Planned unit development areas may be approved within the R-1 zone. Once approved, such areas shall be identified on the official zoning map by the symbol "PUD" and with appropriate references to the PUD plan and explanatory text.
(Ord. 876 §99, 1999: Ord. 672 §4, 1987).
(Ord. No. 1027, § 31, 4-16-2013)
The planning commission may adjust the requirements of this title within a planned unit development site to allow flexibility such as for cluster developments, common open space areas, grouping of parking spaces, or grouping of buildings, subject to the following limitations:
(a)
The total off-street parking facilities shall not be less than the sum of the required facilities for the various uses computed separately, provided that shared use of parking spaces may be approved in accordance with MLMC Section 17.36.030(2).
(b)
All public or private streets, paving, curbs, sidewalks, utilities, lights, parks, recreation facilities and similar facilities shall be developed according to city standards, unless specifically waived by the planning commission upon recommendation of the director of the appropriate city department.
(c)
The maximum building coverage, yard requirements and maximum height shall be the same as the underlying zone, but may be modified by the planning commission, provided consideration is given the following principles:
(1)
Privacy.
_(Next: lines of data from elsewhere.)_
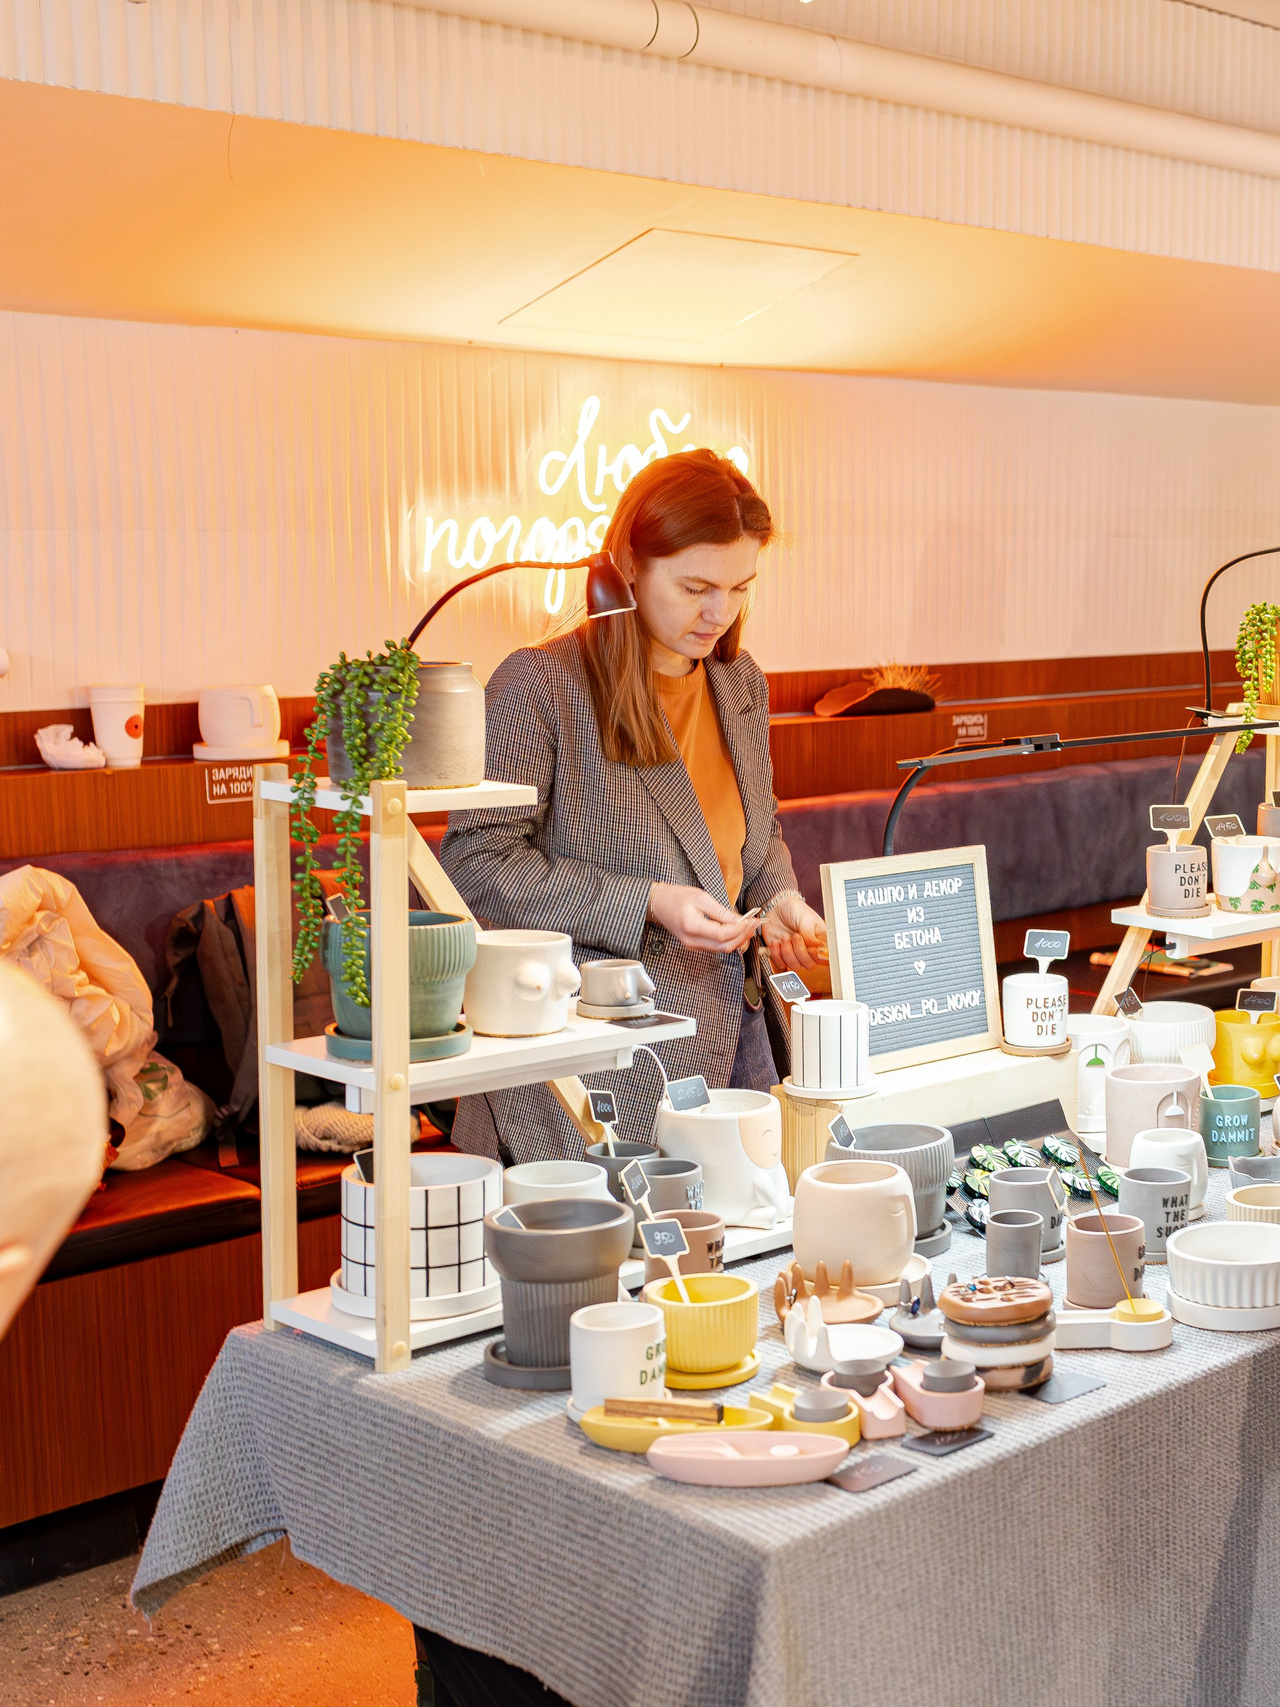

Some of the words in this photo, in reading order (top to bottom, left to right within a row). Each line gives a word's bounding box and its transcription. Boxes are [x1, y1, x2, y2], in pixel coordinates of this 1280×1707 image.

[212, 783, 227, 795] НА
[1179, 873, 1206, 887] DON'T
[857, 885, 905, 907] КАШПО
[907, 883, 918, 900] И
[923, 878, 963, 899] ДЕКОР
[1184, 887, 1202, 899] DIE
[906, 906, 925, 924] ИЗ
[893, 926, 943, 950] БЕТОНА
[1033, 937, 1062, 949] 1000
[1026, 994, 1067, 1010] PLEASE
[1032, 1008, 1064, 1023] DON'T
[1036, 1023, 1057, 1036] DIE
[1215, 1113, 1249, 1127] GROW
[1211, 1127, 1256, 1143] DAMMIT
[1161, 1194, 1189, 1208] WHAT
[1164, 1209, 1186, 1223] THE
[653, 1231, 676, 1246] 950
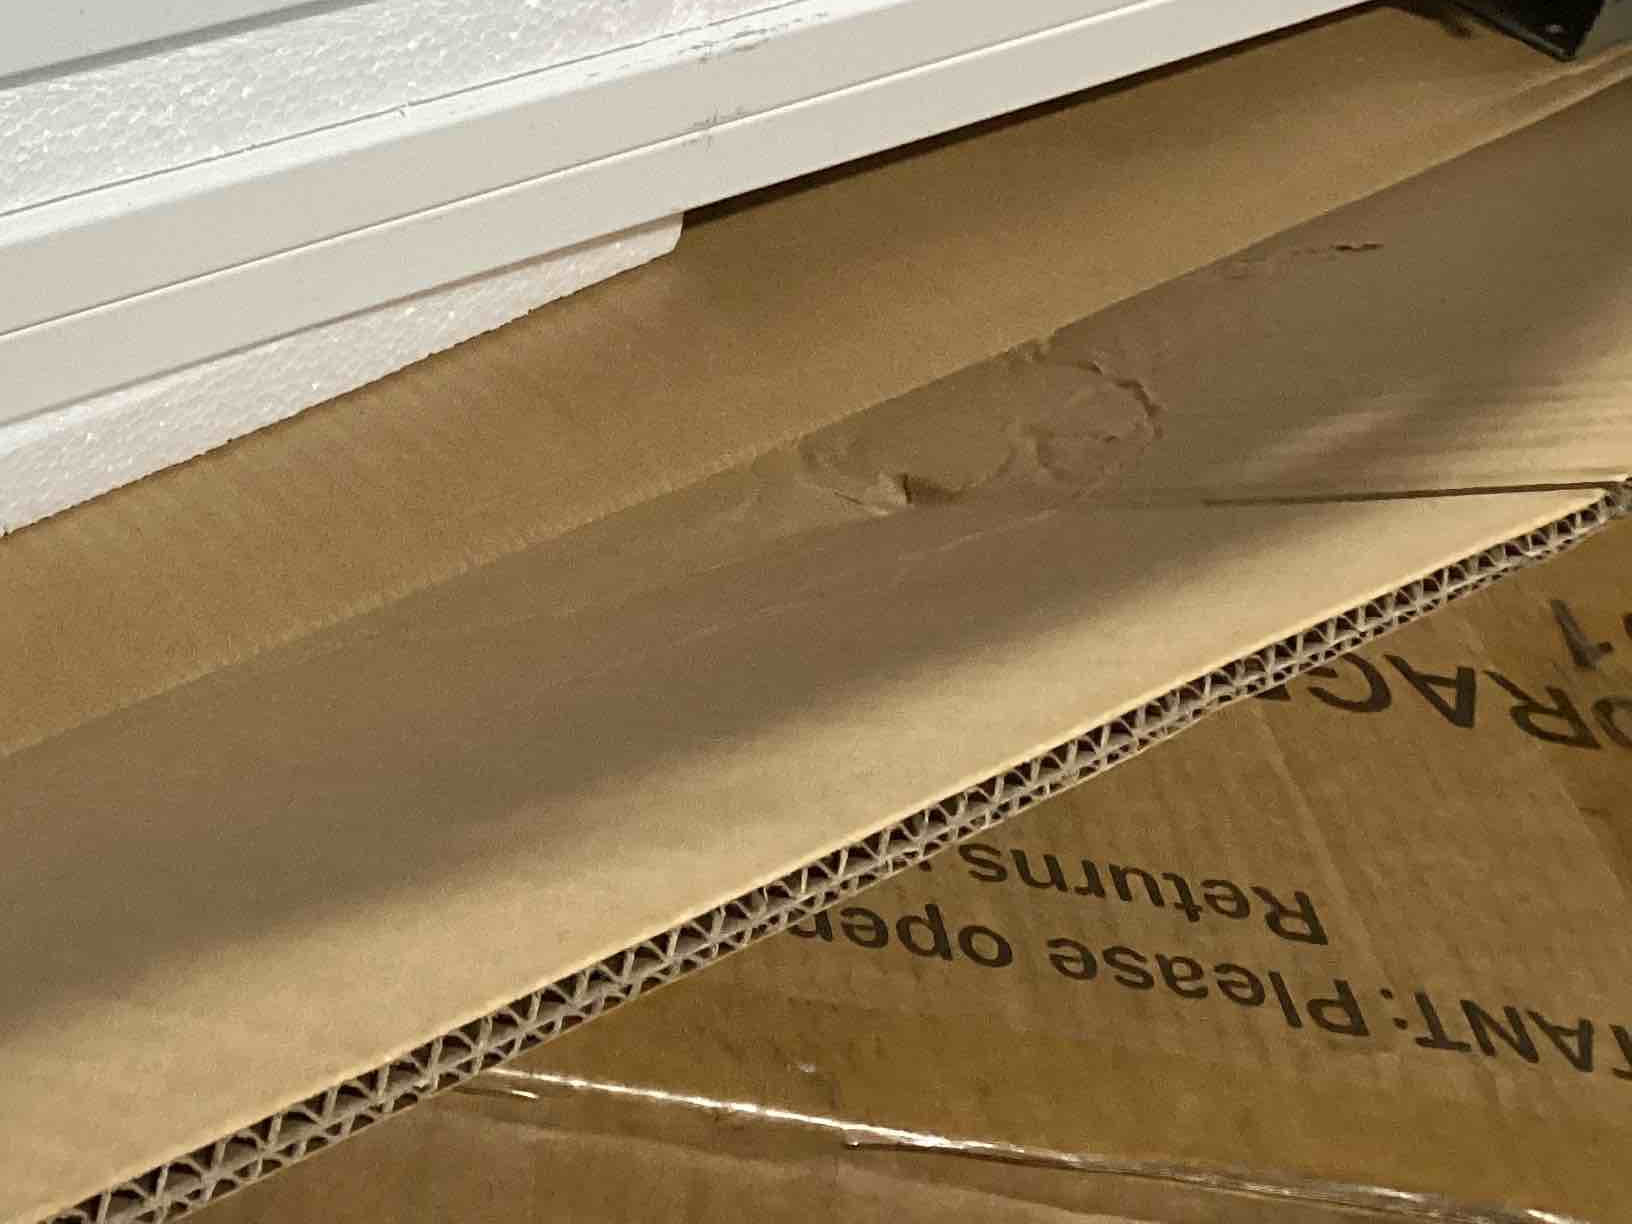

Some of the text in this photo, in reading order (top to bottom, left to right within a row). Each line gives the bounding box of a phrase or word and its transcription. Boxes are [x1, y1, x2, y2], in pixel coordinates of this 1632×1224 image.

[1252, 652, 1632, 751] RAG
[957, 843, 1329, 946] Returns
[1047, 937, 1371, 1038] Please
Mitigating measures may include fences, insulation, and landscaping to provide reasonable visual and acoustical privacy for dwelling units and spaces for private use;
(2)
Light and Air. Building spacing, coverage and heights shall be designed to provide adequate natural light and air;
(3)
Code Compliance. In no case shall spacing, setbacks, heights or buildings violate fire or building code requirements;
(4)
Compatibility. The planned unit development shall be integrated with surrounding land uses and minimize any negative impact resulting from the development.
(d)
The requirements for front yards for the R-1 zone shall apply to all exterior boundary lines of the site.
(Ord. 876 §100, 1999: Ord. 672 §5, 1987).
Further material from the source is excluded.